If we zoom in on the scope we can see that those two calls push our processor utilization to almost 100% for that one scan interval:

If you look at the library source code for, say, sin() you will find it is very complex. It uses one algorithm if you are very close to 0 degrees, basic Taylor series calculations out to a couple of degrees, and then multiple calculations applied to correction tables when the angles get larger.

We aren’t going to do that. I pre-calculated a sine table in 0.1 degree steps and stored the results in flash memory as a lookup table. We don’t need a separate table for cosine because we just need to shift 90 degrees in our sine table to get cosine for the same angle:

Going in 0.1 degree steps might seem like overkill, but it gives us more granularity of control in terms of rotation speed and will let us make smoother transitions as we start and stop rotations. If we end up needing even more granularity we have the room for it in flash memory but, for now, rotations are very smooth:

That’s enough for now. Sorry this post was so long. Depending on when the eval card arrives we will either be testing HW sync operations next, or putting together our first host control application.

Update: HW sync it is!

Virtual ribbon dancing…

As I promised in the last post, it was finally time to see where we are on the original problem. On my way home from my day job I stopped off at YLS Entertainment to see how we fair in controlling interaction with the rolling shutter on a good video camera.

Before heading over I did a little prep work.

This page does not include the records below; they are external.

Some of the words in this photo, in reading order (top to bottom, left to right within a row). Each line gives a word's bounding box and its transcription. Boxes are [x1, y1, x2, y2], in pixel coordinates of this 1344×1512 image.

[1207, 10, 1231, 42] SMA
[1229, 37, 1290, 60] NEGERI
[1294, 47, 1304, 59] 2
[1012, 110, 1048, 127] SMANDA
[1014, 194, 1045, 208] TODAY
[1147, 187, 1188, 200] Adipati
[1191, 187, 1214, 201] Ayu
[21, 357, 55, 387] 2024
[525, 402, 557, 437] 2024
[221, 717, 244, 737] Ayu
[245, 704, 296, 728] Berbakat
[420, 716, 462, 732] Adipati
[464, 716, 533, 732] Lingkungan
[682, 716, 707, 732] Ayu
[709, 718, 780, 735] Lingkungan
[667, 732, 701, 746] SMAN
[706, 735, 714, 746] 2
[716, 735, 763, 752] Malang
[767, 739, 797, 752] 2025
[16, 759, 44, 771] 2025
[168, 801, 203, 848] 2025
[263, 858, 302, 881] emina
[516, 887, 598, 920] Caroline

First, I made scan rate real time adjustable and exposed the raw timer reload value on the display and added touch quadrants to control it:

Because we want our scanning to be very low jitter for better rolling shutter synchronization, updating the scan rate well could have been tricky on some MCUs. But the STM32xxx timer peripheral we are using has a really nice feature. You can turn on something they call “preload”, or “register shadowing”. Shadowing is basically a second copy of a timer control register that firmware can read and write, but anything written does not take effect until the next timer update (scan period in our case). This makes smoothly controlling the rate of our scan period timer dynamically very easy.

You can read about shadow registers in the STM32Fxx Timer Cookbook from ST. Another appnote contains a terser version of much of the same info and a few additional tidbits.

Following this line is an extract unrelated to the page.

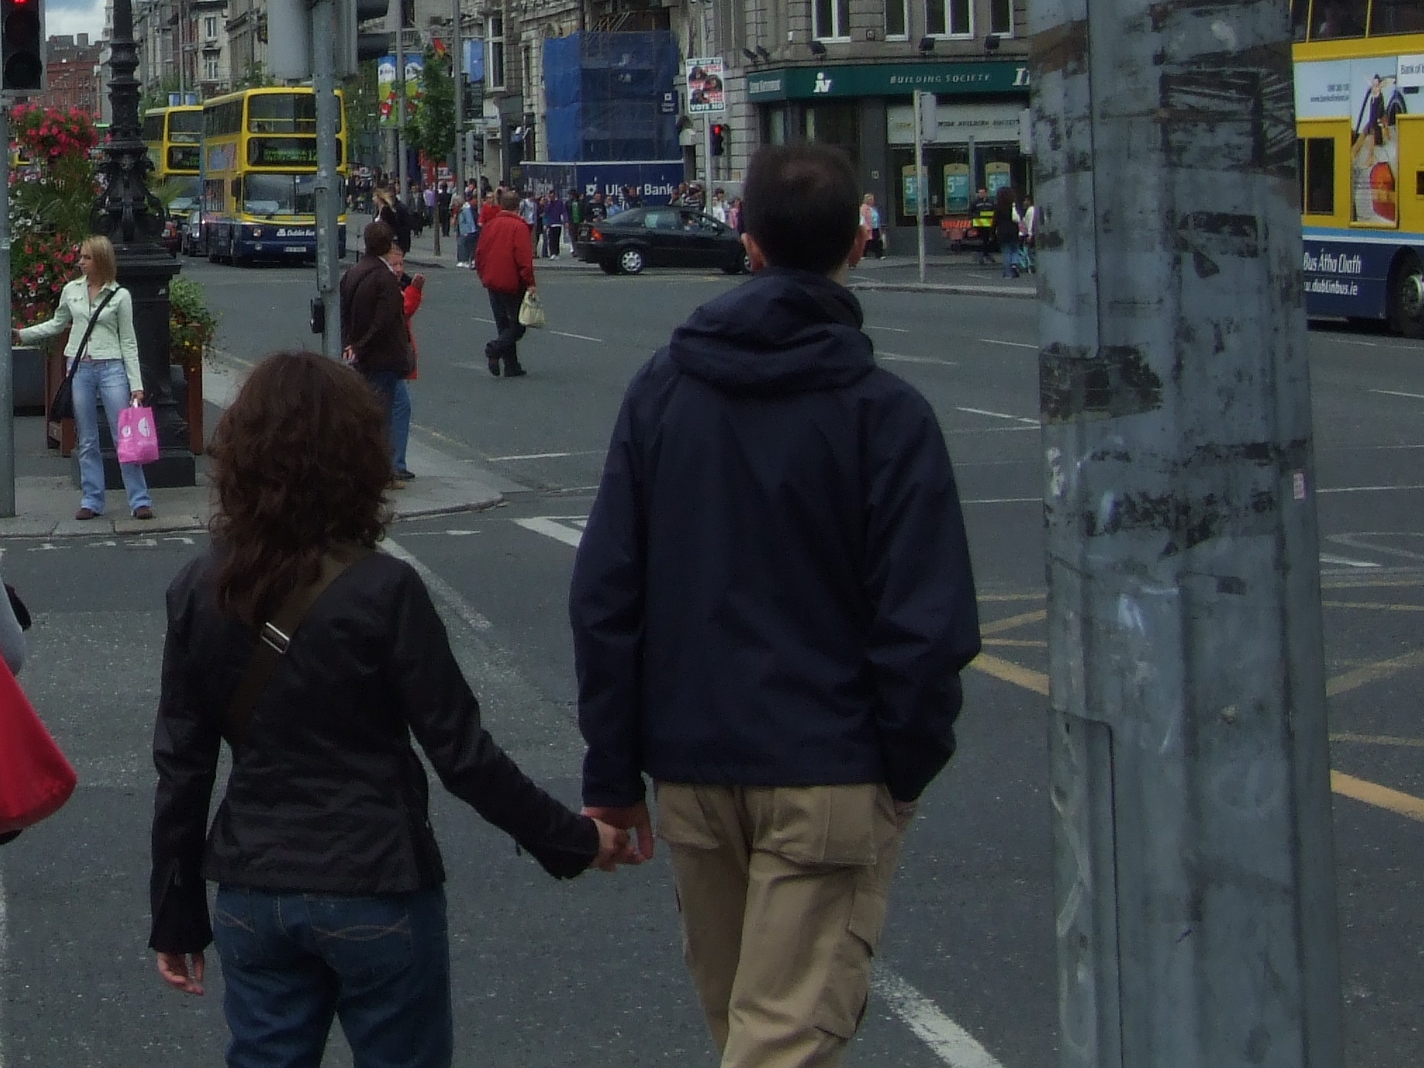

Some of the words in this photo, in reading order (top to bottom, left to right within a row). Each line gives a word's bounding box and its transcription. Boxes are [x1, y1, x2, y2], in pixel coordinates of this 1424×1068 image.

In our case the timer initialization code only required one additional line to turn on the ARPE control bit:

        // Timer 2 is our master controller
	TIM2->PSC = 0;
	// Initialize the period to get 28 kHz as frequency from 96MHz
	TIM2->ARR = SCAN_MIN_ARR;
	// Select Clock Division of 1
	TIM2->CR1 &= ~ TIM_CR1_CKD;
	// buffer ARR
	TIM2->CR1 |= TIM_CR1_ARPE;
	// CMS 00 is edge aligned up/down counter
	// DIR 0 = up
	TIM2->CR1 &= ~(TIM_CR1_DIR | TIM_CR1_CMS);

I also put in a basic affine transform matrix so images could be manipulated instead of just scanned at full size. But more on that in a future post. For now, suffice to say I just wanted a way to scale down and move images so I wouldn’t blow up any of YLS’s higher end scanners.

When I first got to YLS we plugged everything in to make sure I could run their projectors, etc. Surprisingly, everything came up fine. Steve at YLS has a reputation. His superpower appears to be destroying computers and electronics just by touching them. Or, on a good day, just looking at them. But fortune smiled on us today – or he was just distracted looking at his phone (see below). Anyway…

Next they showed me the interaction of the commercial scanning system they are using now with a rolling shudder. You could get the gist, there were some cool results on the monitor, but you couldn’t really dial in the effects or smoothly manipulate them. So we switched to my card and started with a simple circle. We had no problem freezing or smoothly reversing the first physics defying spiral on the monitor we tried:

We next confirmed that we could stop the movement in rolling shutter harmonics with other frames selected at random from other ILDA files ad at different camera shutter speeds.

Last we crudely tested one of the ideas that Marty at YLS has been thinking about for this technology – human interaction. We had Marty catch a virtual arial ribbon, hold it still for a few moments, then tap it in the other direction. As you can see above, even in a lit room, with a skylight no less, it is a pretty cool effect.

But we need to do one more piece. You could dial in some cool effects, manually winding and unwinding aliasing artifacts to exactly where you want them to start in space, then shoot a video of just that effect. But if you want to do multiple rolling shutter effects, or incorporate them into, say, the video wall at a live show, you need a way for the effects to come up in the right place, ready to go, every time. Basically, we need to synchronize to the start of each video frame in the camera.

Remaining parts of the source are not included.